Usain Bolt was disqualified in the final of the 100 meters at the World Championships due to a false start. Under current rules, in place since January 2010, a single false start results in disqualification. By contrast, prior to 2003 each racer who jumped the gun would be given a warning and then disqualified after a second false start. In 2003 the rules were changed so that the entire field would receive a warning after a false start by any racer and all subsequent false starts would lead to disqualification.
Let’s start with the premise that an indispensible requirement of sprint competition is that all racers must start simultaneously. That is, a sprint is not a time trial but a head-to-head competition in which each competitor can assess his standing at any instant by comparing his and his competitors’ distance to a fixed finished line.
Then there must be penalty for a false start. The question is how to design that penalty. Our presumed edict rules out marginally penalizing the pre-empter by adding to his time, so there’s not much else to consider other than disqualification. An implicit presumption in the pre-2010 rules was that accidental false starts are inevitable and there is a trade-off between the incentive effects of disqualification and the social loss of disqualifying a racer who made an error despite competing in good faith.
(Indeed this trade-off is especially acute in high-level competitions where the definition of a false start is any racer who leaves less than 0.10 seconds after the report of the gun. It is assumed to be impossible to react that fast. But now we have a continuous variable to play with. How much more impossible is it to react within .10 seconds than to react within .11 seconds? When you admit that there is a probability p>0, increasing in the threshold, that a racer is gifted enough to reach within that threshold, the optimal incentive mechanisn picks the threshold that balances type I and type II errors. The maximum penalty is exacted when the threshold is violated.)
Any system involving warnings invites racers to try and anticipate the gun, increasing the number of false starts. But the pre- and post-2003 rules play out differently when you think strategically. Think of the costs and benefits of trying to get a slightly faster start. The warning means that the costs of a potential false start are reduced. Instead of being disqualified you are given a second chance but are placed in the dangerous position of being disqualified if you false start again. In that sense, your private incentives to time the gun are identical whether the warning applies only to you or to the entire field. But the difference lies in your treatment relative to the rest of the field. In the post-2003 system that penalty will be applied to all racers so your false start does not place you at a disadvantage.

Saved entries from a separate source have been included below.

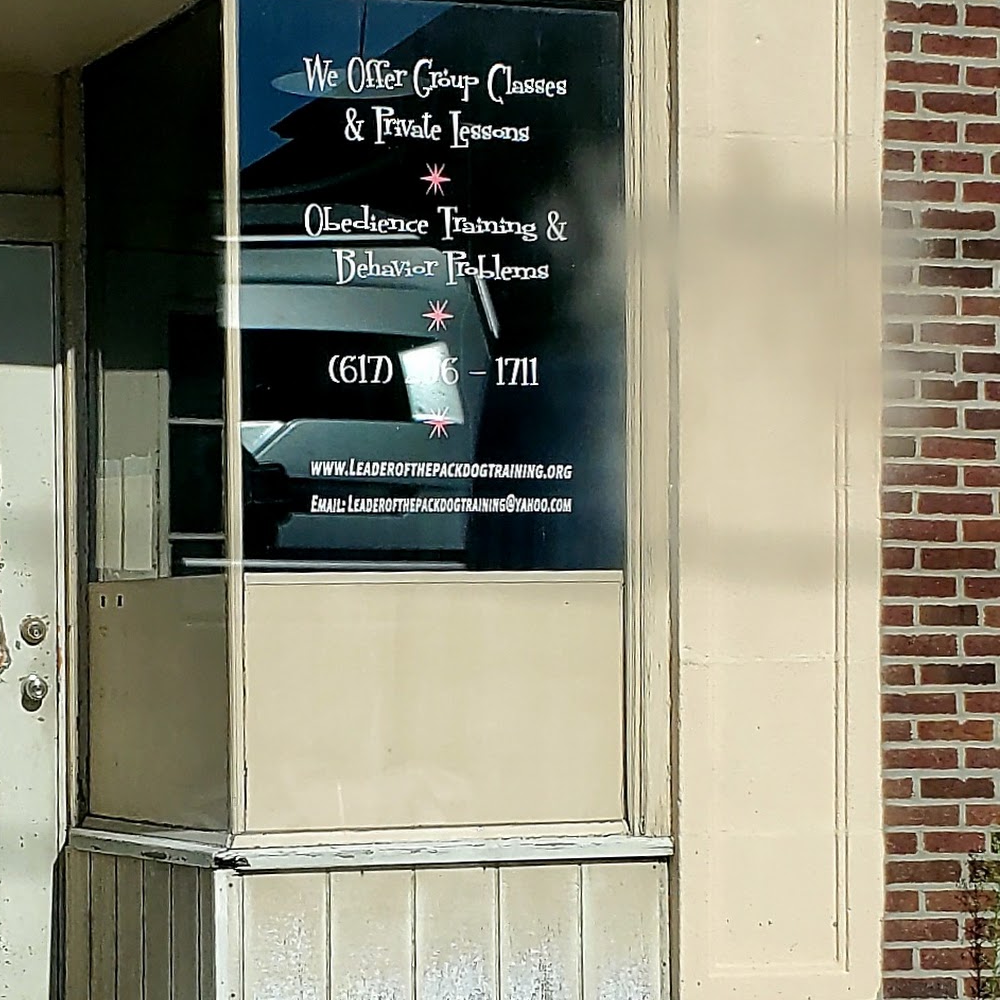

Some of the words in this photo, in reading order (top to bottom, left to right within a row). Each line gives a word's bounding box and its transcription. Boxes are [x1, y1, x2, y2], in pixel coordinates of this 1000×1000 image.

[303, 54, 339, 92] We
[347, 57, 408, 94] Offer
[413, 58, 480, 103] Group
[487, 63, 567, 105] Classes
[344, 107, 365, 142] &
[371, 106, 442, 145] Private
[449, 110, 530, 149] Lessons
[304, 203, 430, 237] Obedience
[437, 206, 538, 241] Training
[546, 210, 568, 242] &
[333, 249, 439, 286] Behavior
[442, 250, 550, 287] Problems
[328, 354, 393, 384] (617)
[495, 356, 539, 386] 1711
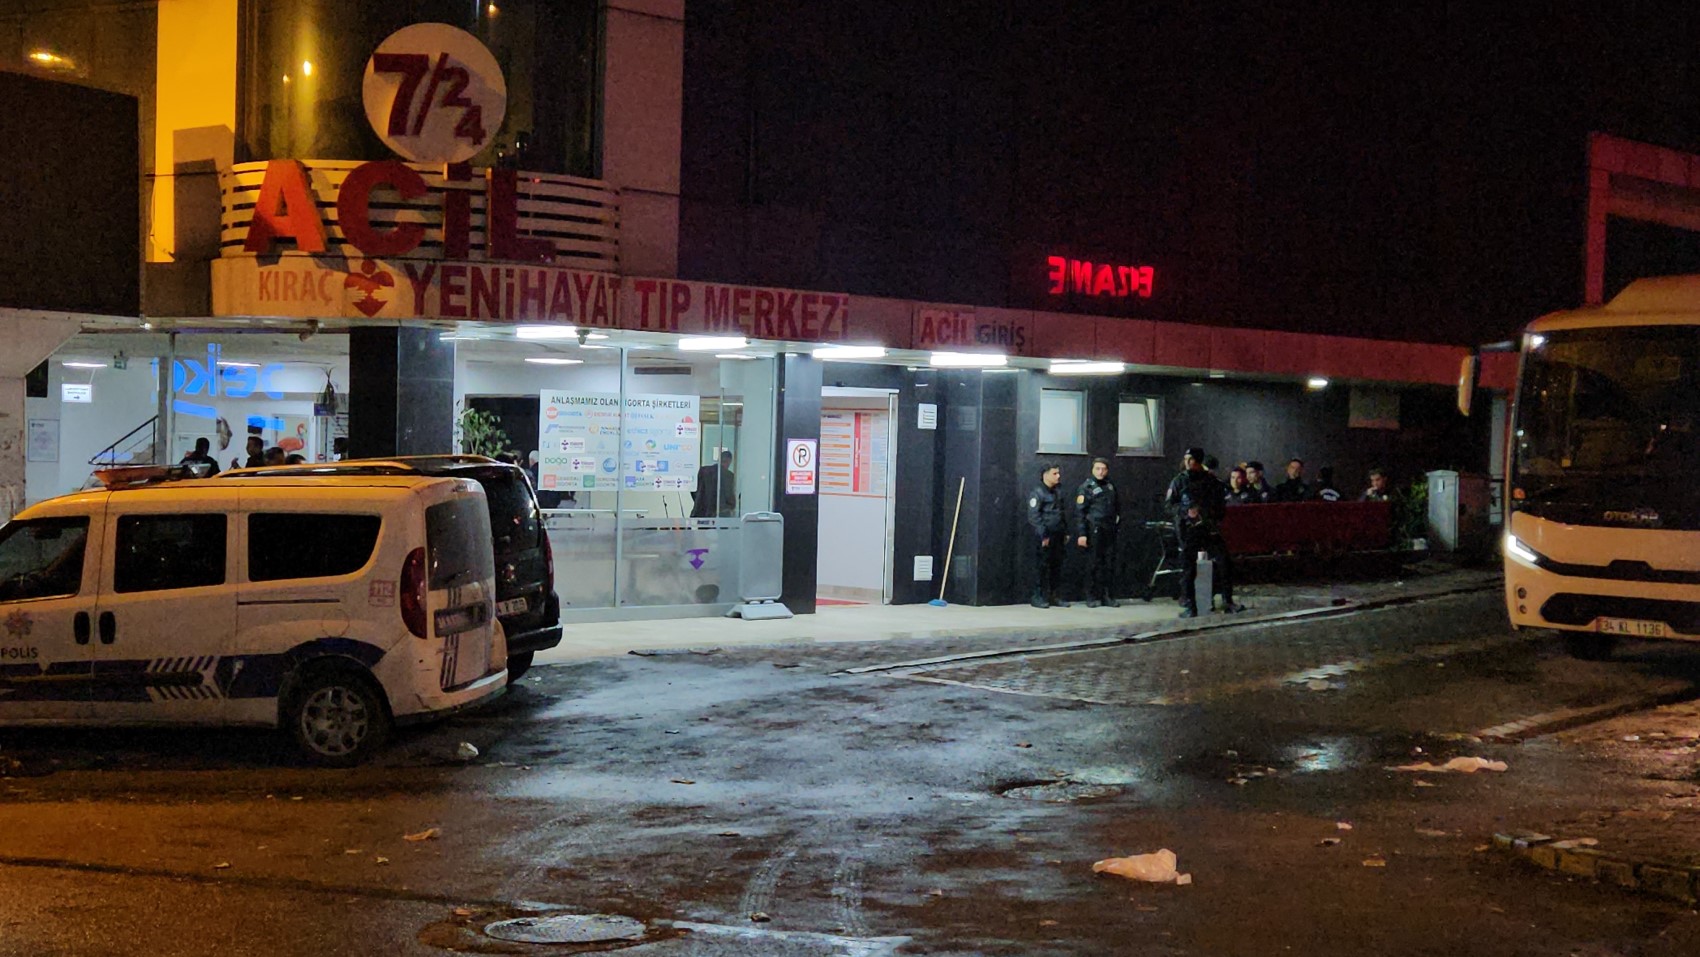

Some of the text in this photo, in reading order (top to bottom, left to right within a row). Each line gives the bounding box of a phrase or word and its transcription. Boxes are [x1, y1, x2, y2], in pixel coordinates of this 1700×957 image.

[373, 52, 486, 146] 7/24
[259, 270, 334, 305] KIRAÇ
[635, 280, 691, 330] TIP
[550, 396, 691, 410] ANLAŞMAMIZ OLAN İGORTA ŞİRKETLERİ

Thus, both systems encourage quick starts but the post 2003 system encouraged them even more. Indeed there is an equilibrium in which false starts occur with probability close to 1, and after that all racers are warned. (Everyone expects everyone else to be going early, so there’s little loss from going early yourself. You’ll be subject to the warning either way.) After that ceremonial false start the race becomes identical to the current, post 2010, rule in which a single false start leads to disqualification. My reading is that equilibrium did indeed obtain and this was the reason for the rule change. You could argue that the pre 2003 system was even worse because it led to a random number of false starts and so racers had to train for two types of competition: one in which quick starts were a relevant strategy and one in which they were not.

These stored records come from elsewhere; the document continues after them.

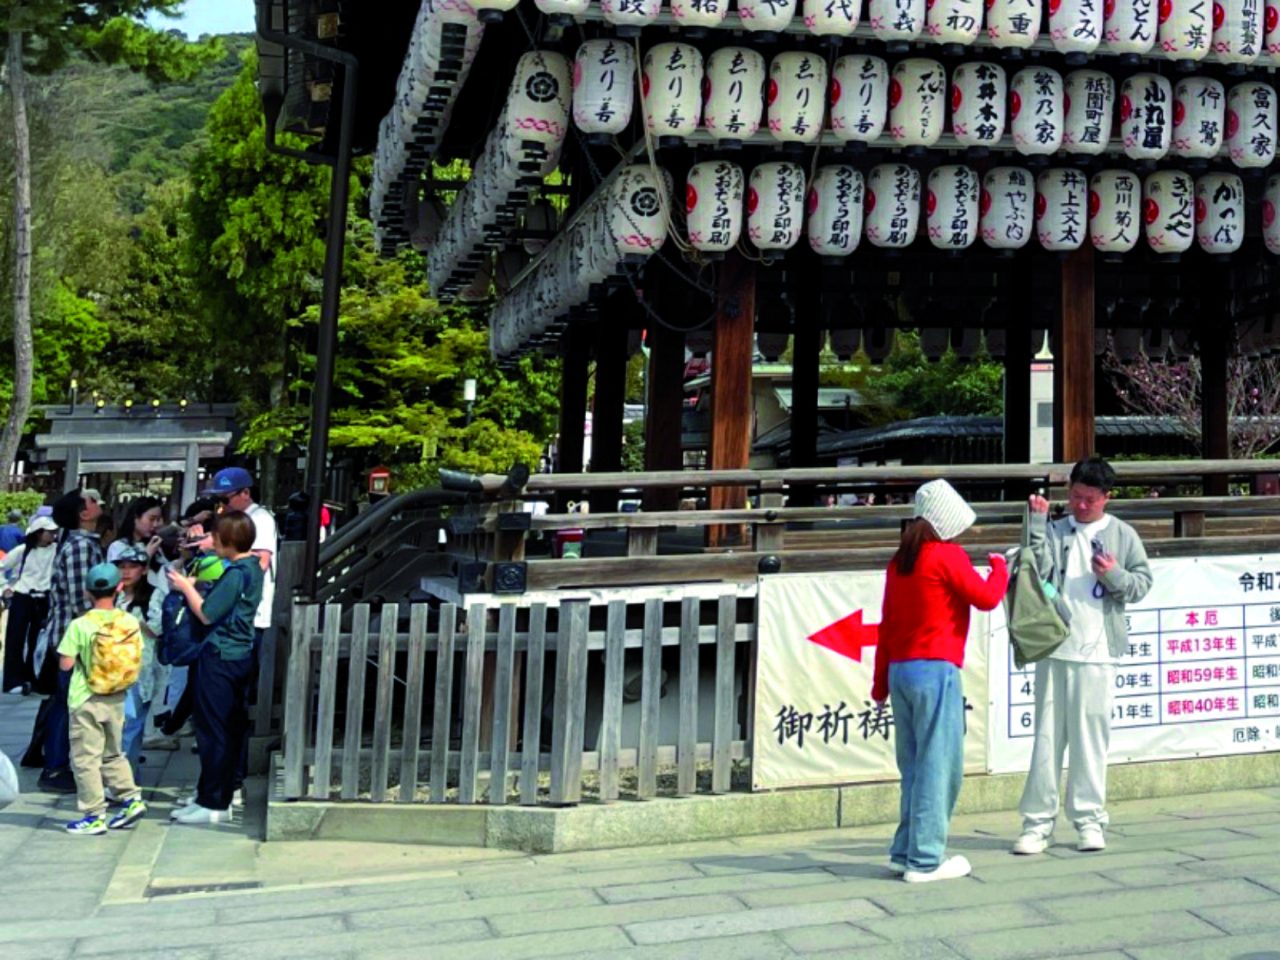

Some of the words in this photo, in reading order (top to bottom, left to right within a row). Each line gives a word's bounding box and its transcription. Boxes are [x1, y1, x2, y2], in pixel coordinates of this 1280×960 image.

[595, 40, 619, 123] ゑり善
[665, 46, 686, 129] ゑり善
[725, 50, 747, 133] ゑり善
[791, 57, 814, 136] ゑり善
[853, 58, 878, 133] ゑり善
[1251, 87, 1272, 157] 富久家
[708, 163, 732, 246] あおぞら印刷
[767, 164, 793, 246] あおぞら印刷
[828, 166, 851, 248] あおぞら印刷
[886, 165, 911, 244] あおぞら印刷
[948, 166, 969, 246] あおぞら印刷
[1058, 171, 1081, 244] 井上文太
[1120, 642, 1153, 659] 年生
[1166, 633, 1238, 655] 平成13年生
[1185, 610, 1219, 626] 本厄
[1167, 666, 1239, 685] 昭和59年生
[1167, 695, 1240, 716] 昭和40年生
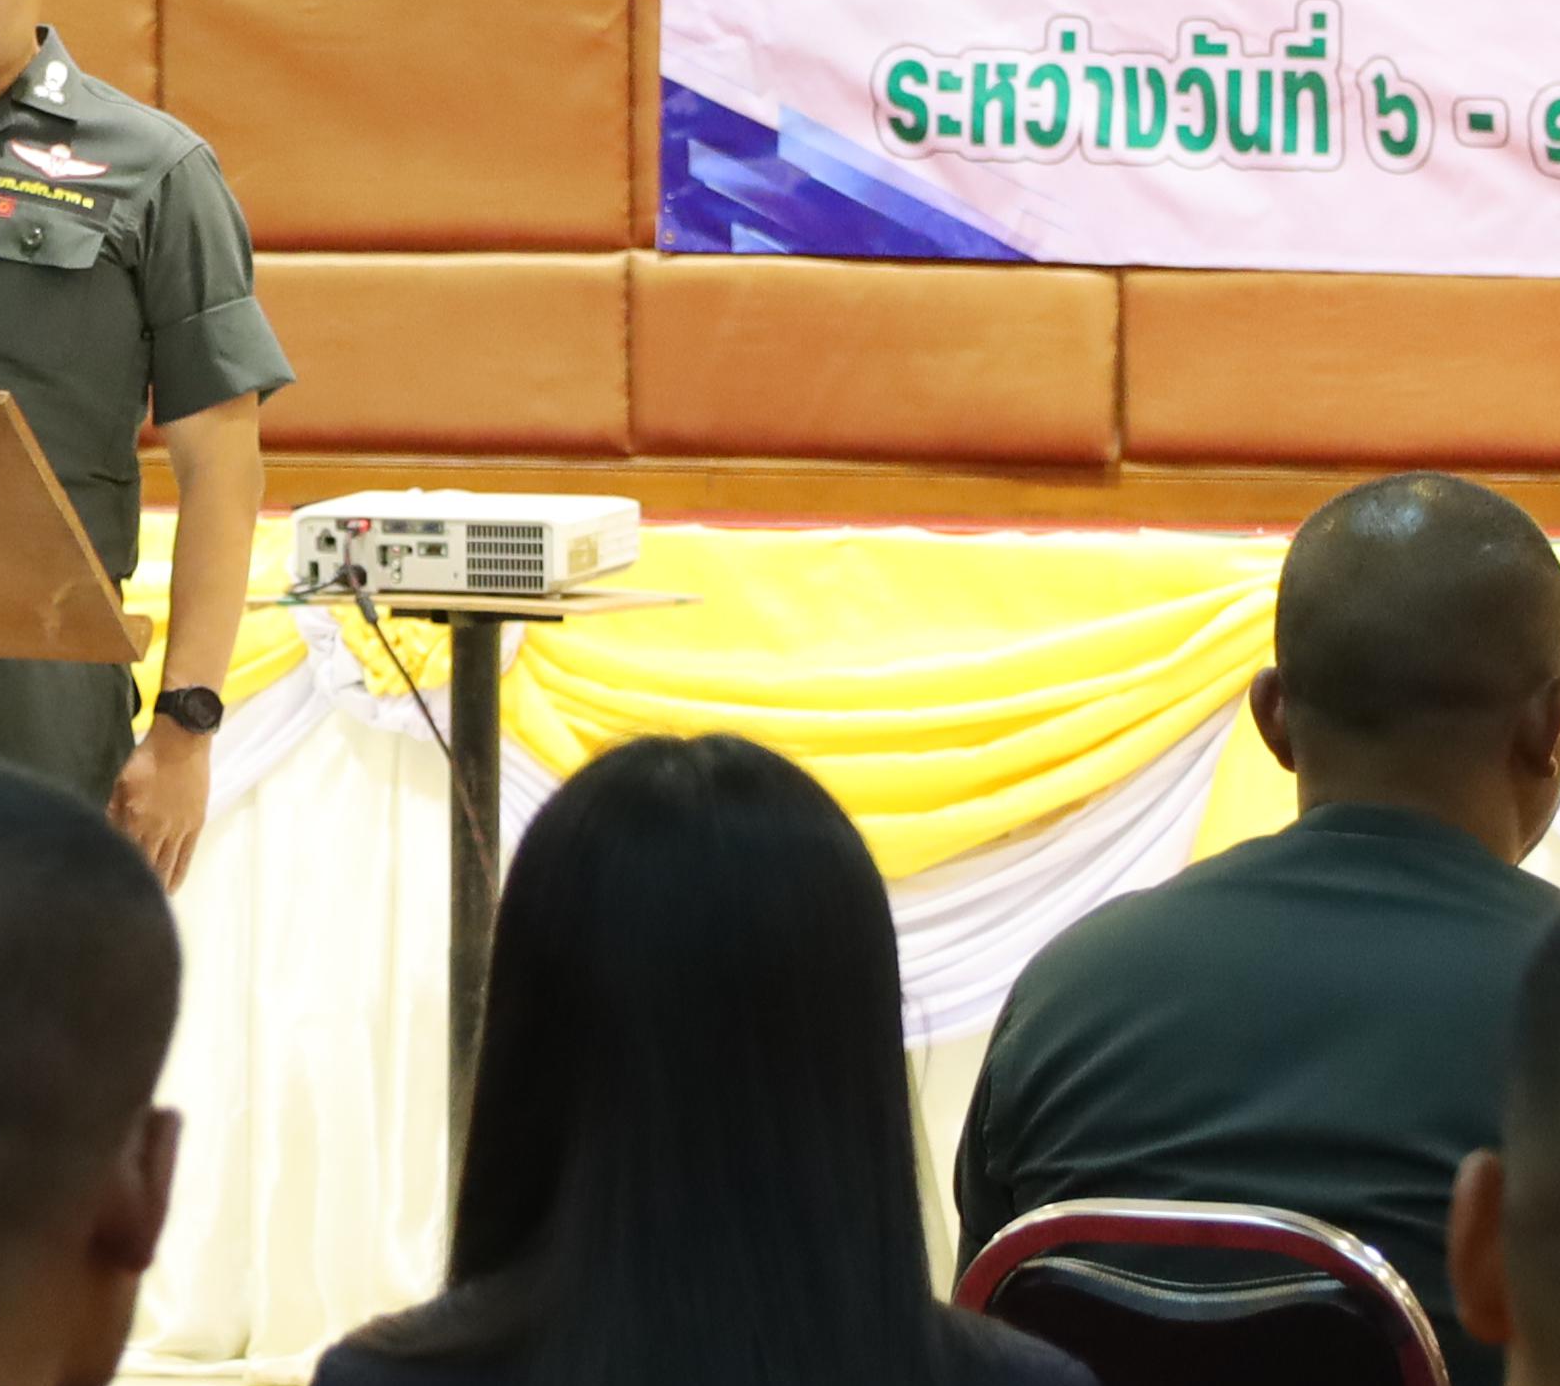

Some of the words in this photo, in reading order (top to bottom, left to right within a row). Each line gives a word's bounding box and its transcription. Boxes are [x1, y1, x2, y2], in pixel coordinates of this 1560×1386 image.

[885, 10, 1331, 156] ระหว่างวันที่
[1373, 73, 1420, 157] ๖

Is there any better system? Here’s a suggestion. Go back to the 2003-2009 system with a single warning for the entire field. The problem with that system was that the penalty for being the first to false start was so low that when you expected everyone else to be timing the gun your best response was to time the gun as well. So my proposal is to modify that system slightly to mitigate this problem. Now, if racer B is the first to false start then in the restart if there is a second false start by, say racer C, then racer C and racer B are disqualified. (In subsequent restarts you can either clear the warning and start from scratch or keep the warning in place for all racers.)

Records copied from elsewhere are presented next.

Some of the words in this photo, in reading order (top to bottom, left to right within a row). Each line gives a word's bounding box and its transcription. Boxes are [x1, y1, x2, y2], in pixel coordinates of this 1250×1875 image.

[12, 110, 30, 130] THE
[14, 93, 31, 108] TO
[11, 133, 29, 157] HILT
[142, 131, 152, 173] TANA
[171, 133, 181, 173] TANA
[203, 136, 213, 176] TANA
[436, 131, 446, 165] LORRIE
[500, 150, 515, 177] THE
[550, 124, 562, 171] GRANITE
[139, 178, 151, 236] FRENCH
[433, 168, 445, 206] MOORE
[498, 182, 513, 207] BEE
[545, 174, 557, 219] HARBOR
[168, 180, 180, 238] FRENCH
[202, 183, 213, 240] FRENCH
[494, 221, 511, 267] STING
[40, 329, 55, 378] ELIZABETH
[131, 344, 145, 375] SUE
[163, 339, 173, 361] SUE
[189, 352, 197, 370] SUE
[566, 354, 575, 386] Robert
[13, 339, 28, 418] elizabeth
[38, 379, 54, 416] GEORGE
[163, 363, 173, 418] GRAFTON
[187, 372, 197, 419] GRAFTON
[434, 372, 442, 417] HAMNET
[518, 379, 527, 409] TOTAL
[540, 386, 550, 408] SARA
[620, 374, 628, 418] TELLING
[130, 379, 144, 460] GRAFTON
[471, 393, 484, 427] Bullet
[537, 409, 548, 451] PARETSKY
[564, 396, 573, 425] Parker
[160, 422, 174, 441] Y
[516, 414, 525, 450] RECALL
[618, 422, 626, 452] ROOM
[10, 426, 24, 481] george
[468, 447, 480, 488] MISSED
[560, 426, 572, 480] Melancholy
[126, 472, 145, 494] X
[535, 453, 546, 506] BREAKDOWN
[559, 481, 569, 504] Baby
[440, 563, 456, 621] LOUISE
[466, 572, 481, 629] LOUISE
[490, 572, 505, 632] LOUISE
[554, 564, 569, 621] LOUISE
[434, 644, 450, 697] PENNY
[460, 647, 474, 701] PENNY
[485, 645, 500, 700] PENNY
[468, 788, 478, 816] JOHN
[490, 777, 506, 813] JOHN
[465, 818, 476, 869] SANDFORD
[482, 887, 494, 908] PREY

Here’s a second suggestion. The racers start by pushing off the blocks. Engineer the blocks so that they slide freely along their tracks and only become fixed in place at the precise moment that the gun is fired.
(For the vapor mill, here are empirical predictions about the effect of previous rule-regimes on race outcomes:
- Comparing pre-2003, under the 2003-2009 you should see more races with at least one false start but far fewer total false starts per race. The current rules should have the least false starts.
- Controlling for trend (people get faster over time) if you consider races where there was no false start, race times should be faster 2003-2009 than pre-2003. That ranking reverses when you consider races in which there was at least one false start. Controlling for Usain Bolt, times should be unambiguously slower under current rules.)
There are four major providers of national cellphone service in the U.S – Verizon, AT&T, Sprint and T-Mobile. Two of them are proposing to merge. What impact will the merger have on consumers? Senator Herbert Kohl (of Kohl’s stores fame) says:
“According to Consumer Reports, ‘T-Mobile plans typically cost $15 to $50 per month less than comparable plans from AT&T.” Removal of such a maverick price competitor from such a highly concentrated market – a competitor that disciplines price increases from all three other national cell phone competitors, not only At&T – raises a substantial likelihood that prices will rise following this merger.”
Someone can take the opposite view to ATT-TM LT to DOJ and FCC but at least it is coherently argued.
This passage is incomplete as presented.